Global Data Management is playing a crucial role in the development of our networked distributed society. Its importance has been recognised in the IST programme since several years, in particular in its long-term research part, Future and Emerging Technologies (FET). Many of the papers included in this book refer to IST and FET projects currently running or recently completed. This subject is also one of the focal points identified for long-term FET research in the 7th Framework Programme for Community Research. The basic principles identified in the areas “Pervasive Computing and Communications” and “Managing Diversity in Knowledge” (see http://cordis.europa.eu/ist/fet/), as summarised in this foreword, are very much in line with the goals of this book.
An unforeseen growth of the volume and diversity of the data, content and knowledge is being generated all over the globe. Several factors lead to this growing complexity, among them: Size (the sheer increase in the numbers of knowledge producers and users, and in their production/use capabilities), Pervasiveness (in space and time of knowledge, knowledge producers and users), Dynamicity (new and old knowledge items will appear and disappear virtually at any moment), Unpredictability (the future dynamics of knowledge are unknown not only at design time but also at run time). The situation is made worse by the fact that the complexity of knowledge grows exponentially with the number of interconnected components.
The traditional approach of knowledge management and engineering is top-down and centralised, and depends on fixing at design time what can be expressed and how. The key idea is to design a “general enough” reference representation model.

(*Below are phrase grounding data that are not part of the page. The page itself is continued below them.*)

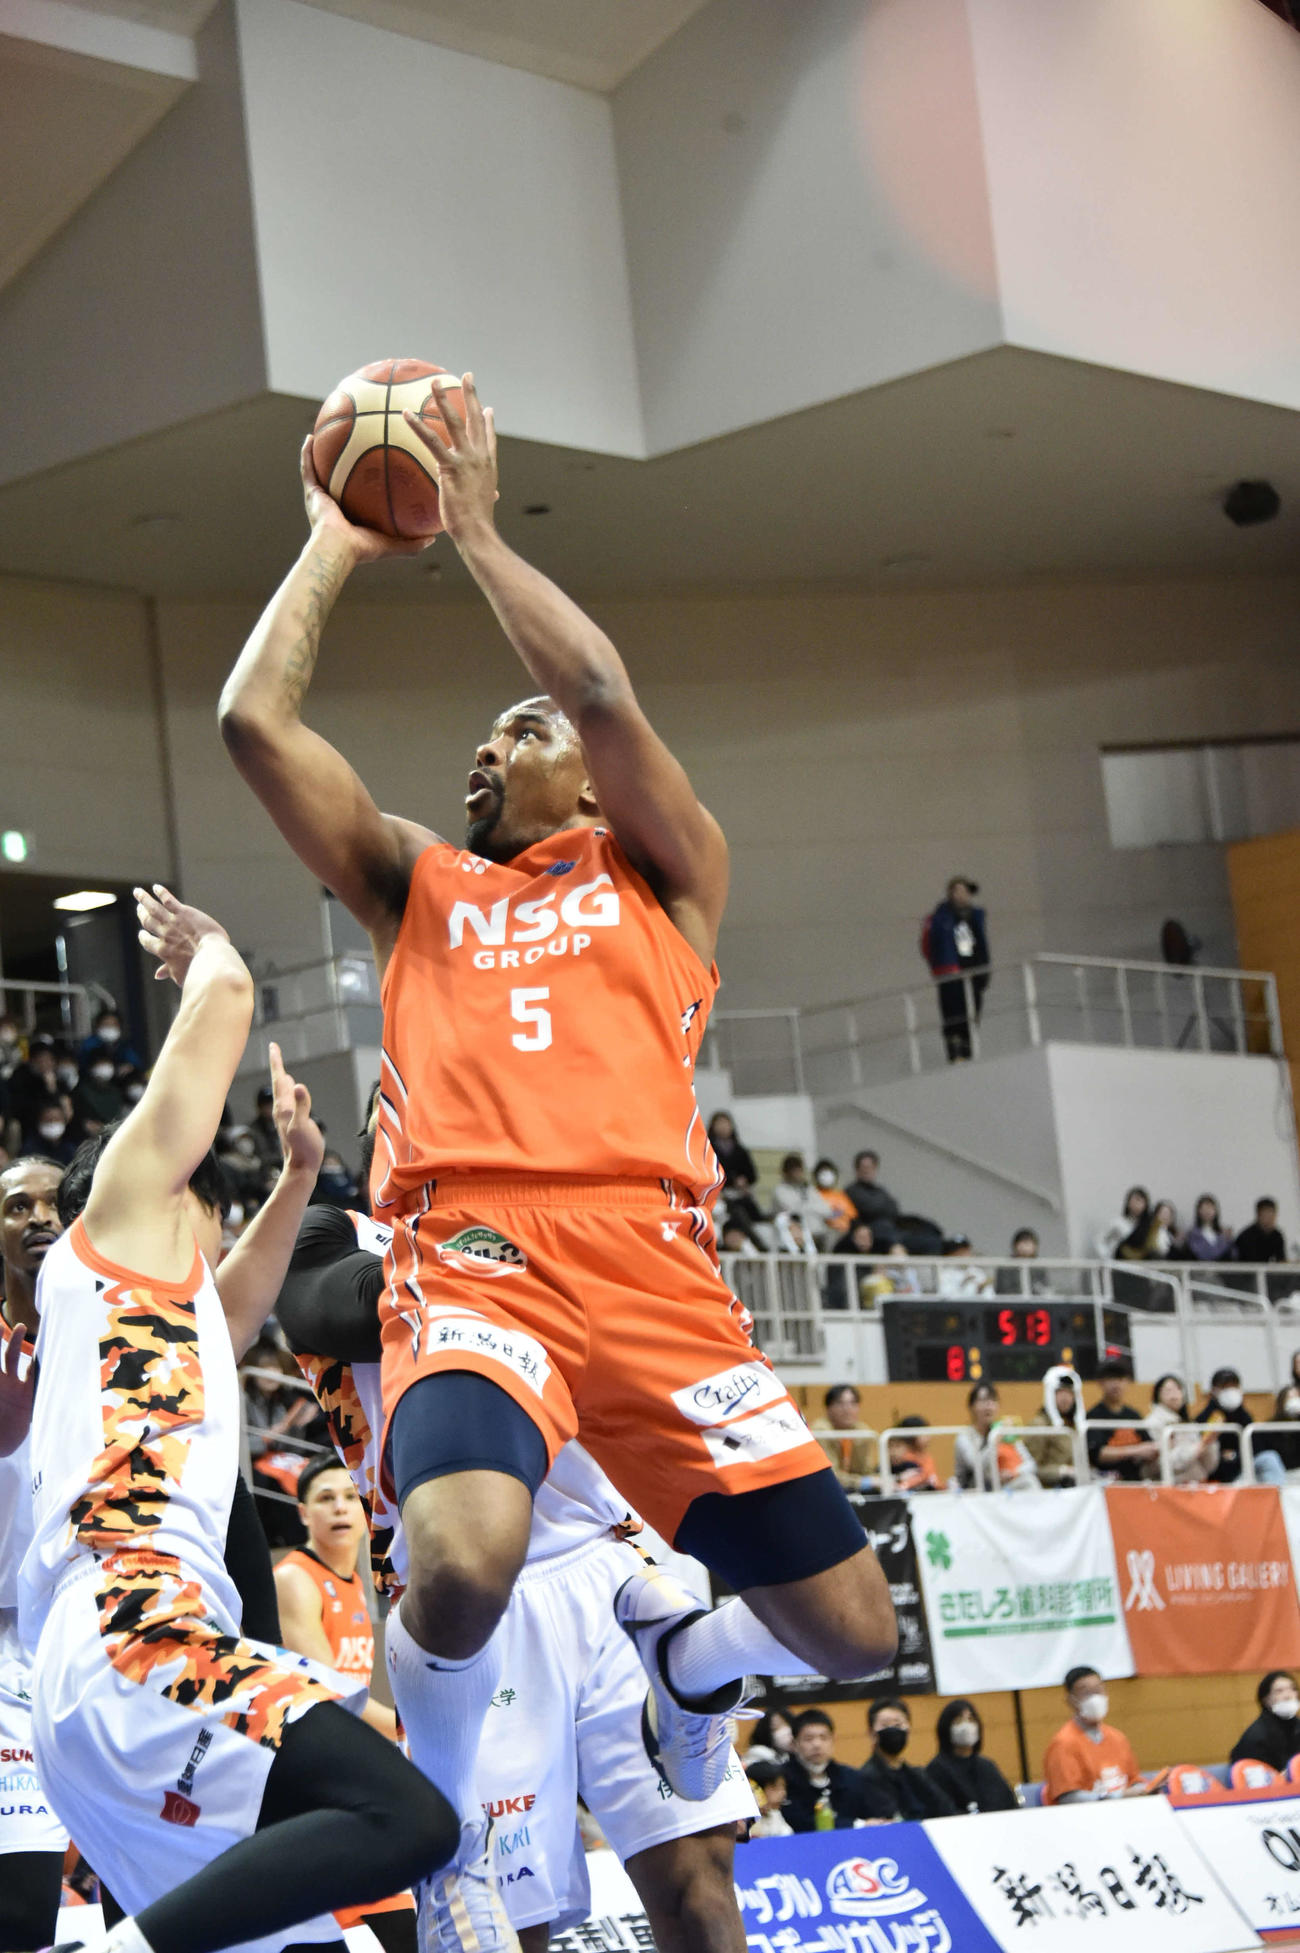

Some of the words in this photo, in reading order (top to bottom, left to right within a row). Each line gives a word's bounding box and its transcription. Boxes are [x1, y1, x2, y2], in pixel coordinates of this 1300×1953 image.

[449, 873, 620, 950] NSG
[473, 933, 591, 969] GROUP
[510, 986, 552, 1052] 5
[693, 1373, 762, 1415] Crafty
[1164, 1561, 1225, 1592] LIVING
[481, 1794, 536, 1818] UKE
[833, 1860, 909, 1894] ASC
[992, 1846, 1205, 1927] 新潟日報

Examples of this top-down approach are the work on (relational) databases, the work on distributed databases, and, lately, the work on information integration (both with databases and ontologies).

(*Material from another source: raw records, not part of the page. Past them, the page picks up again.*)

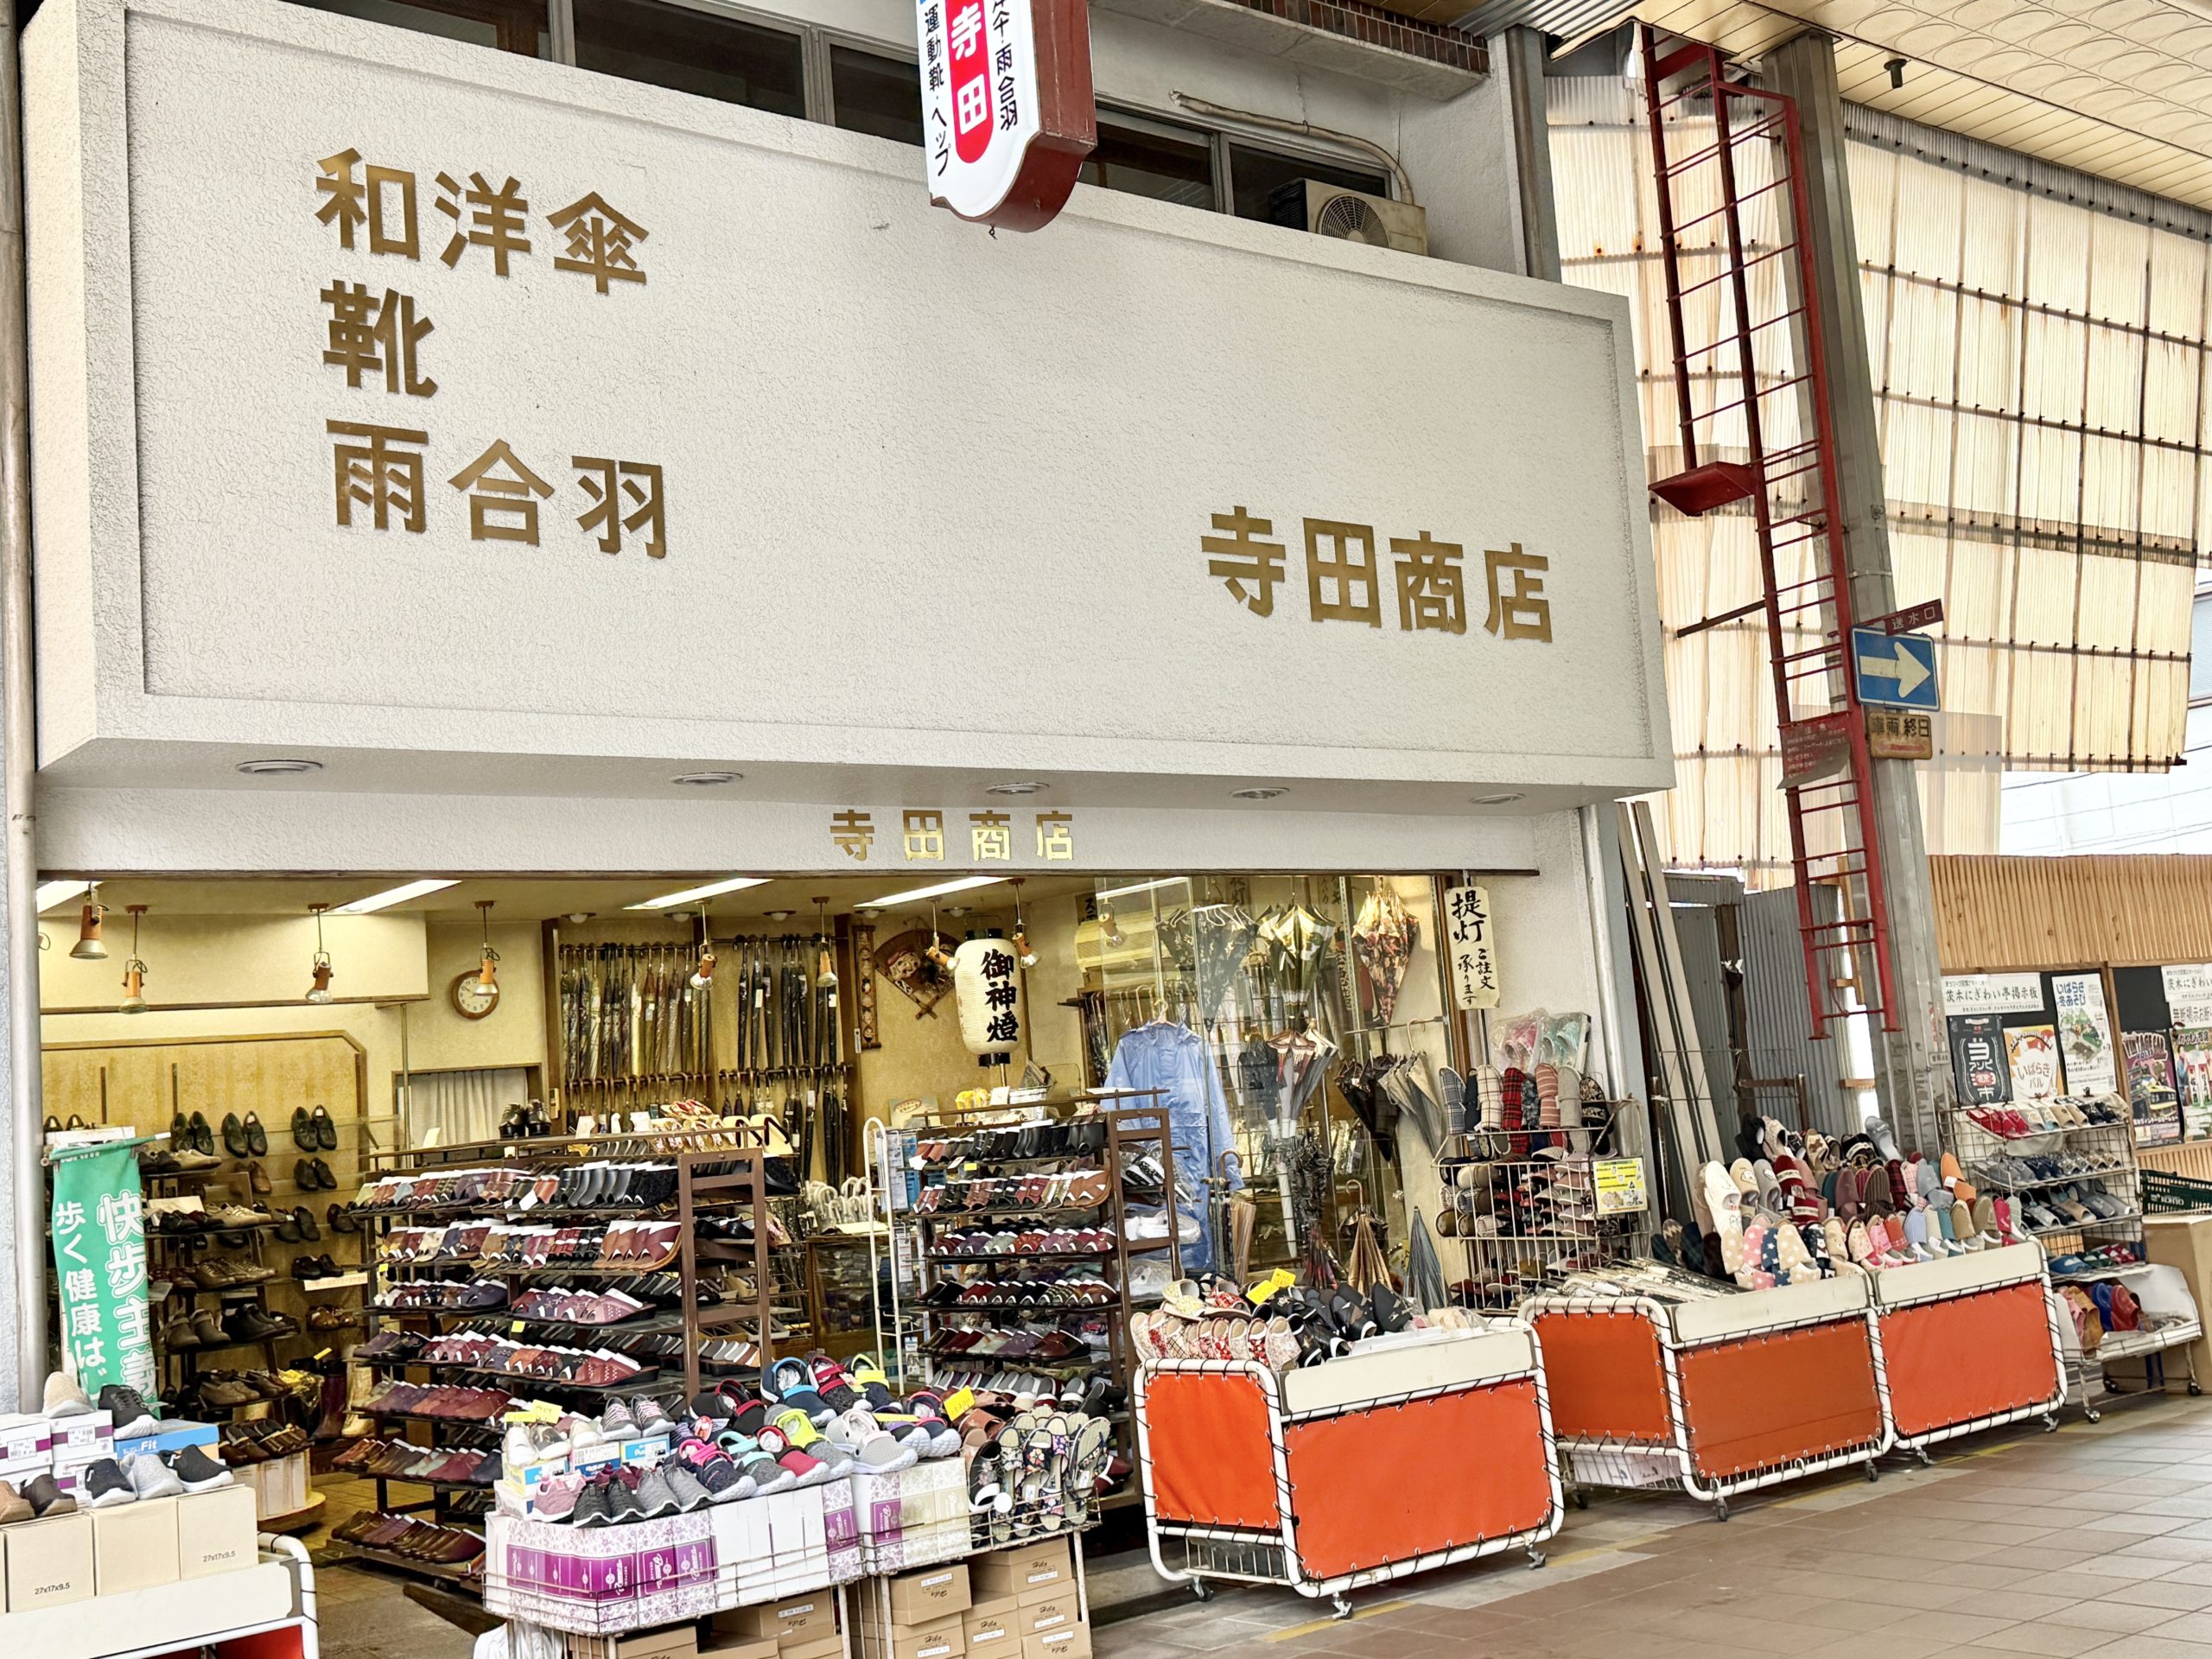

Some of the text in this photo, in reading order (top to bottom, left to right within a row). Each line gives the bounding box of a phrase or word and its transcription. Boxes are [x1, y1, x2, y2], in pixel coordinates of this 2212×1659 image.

[315, 147, 650, 296] 和洋傘
[321, 279, 439, 398] 靴
[326, 418, 667, 560] 雨合羽
[1200, 505, 1554, 644] 寺田商店
[1891, 607, 1936, 630] 送水口
[1871, 716, 1930, 738] 車両終日
[829, 809, 1074, 861] 寺田商店
[1451, 889, 1488, 944] 提灯
[1458, 953, 1478, 1006] 承ります
[1475, 948, 1496, 990] ご註文
[980, 948, 1020, 1043] 御神燈
[1945, 985, 2039, 1003] 茨木にぎわい亭掲示板
[2017, 1062, 2051, 1080] いばらき
[140, 1440, 158, 1452] Fit
[202, 1550, 236, 1562] 27x17x9.5
[34, 1581, 71, 1595] 27x17x9.5

There are many reasons why this approach has been and is still largely successful. From a technological point of view it is conceptually simple, and it is also the most natural way to extend the technology developed for relational databases and single information systems. From an organisational point of view, this approach satisfies the companies' desire to centralise and, consequently, to be in control, of their data. Finally, from a cultural point of view, this approach is very much in line with the way knowledge is thought of in the western culture and philosophy, and in particular with the basic principle (rooted in ancient Greek philosophy) that it must be possible to say whether a knowledge statement is (universally) true or false. This property is reassuring and also efficient from an organisational point of view in that it makes it “easy” to decide what is “right” and what is “wrong”.

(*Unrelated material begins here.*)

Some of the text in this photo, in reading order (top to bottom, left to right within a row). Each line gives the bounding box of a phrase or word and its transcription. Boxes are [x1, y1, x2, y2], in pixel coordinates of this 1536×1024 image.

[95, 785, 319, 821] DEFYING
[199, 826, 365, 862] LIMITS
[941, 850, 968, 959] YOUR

However, as applications become increasingly open, complex and distributed, the knowledge they contain can no longer be managed in this way, as the requirements are only partially known at design time. The standard solution so far has been to handle the problems which arise during the life time of a knowledge system as part of the maintenance process. This however comes at a high price because of the increased cost of maintenance (exponentially more complex than the knowledge parts integrated inside it), the decreased life time of systems, and the increased load on the users who must take charge of the complexity which cannot be managed by the system. In several cases this approach has failed simply because people did not come to an agreement on the specifics of the unique global representation.
In pervasive distributed systems, the top-down approach must be combined with a new, bottom-up approach in which the different knowledge parts are designed and kept ‘locally’ and independently, and new knowledge is obtained by adaptation and combination of such items.
The key idea is to make a paradigm shift and to consider diversity as a feature which must be maintained and exploited and not as a defect that must be absorbed in some general schema. People, organisations, communities, populations, cultures build diverse representations of the world for a reason, and this reason lies in the local context, representing a notion of contextual, local knowledge which satisfies, in an optimal way, the (diverse) needs of the knowledge producer and knowledge user.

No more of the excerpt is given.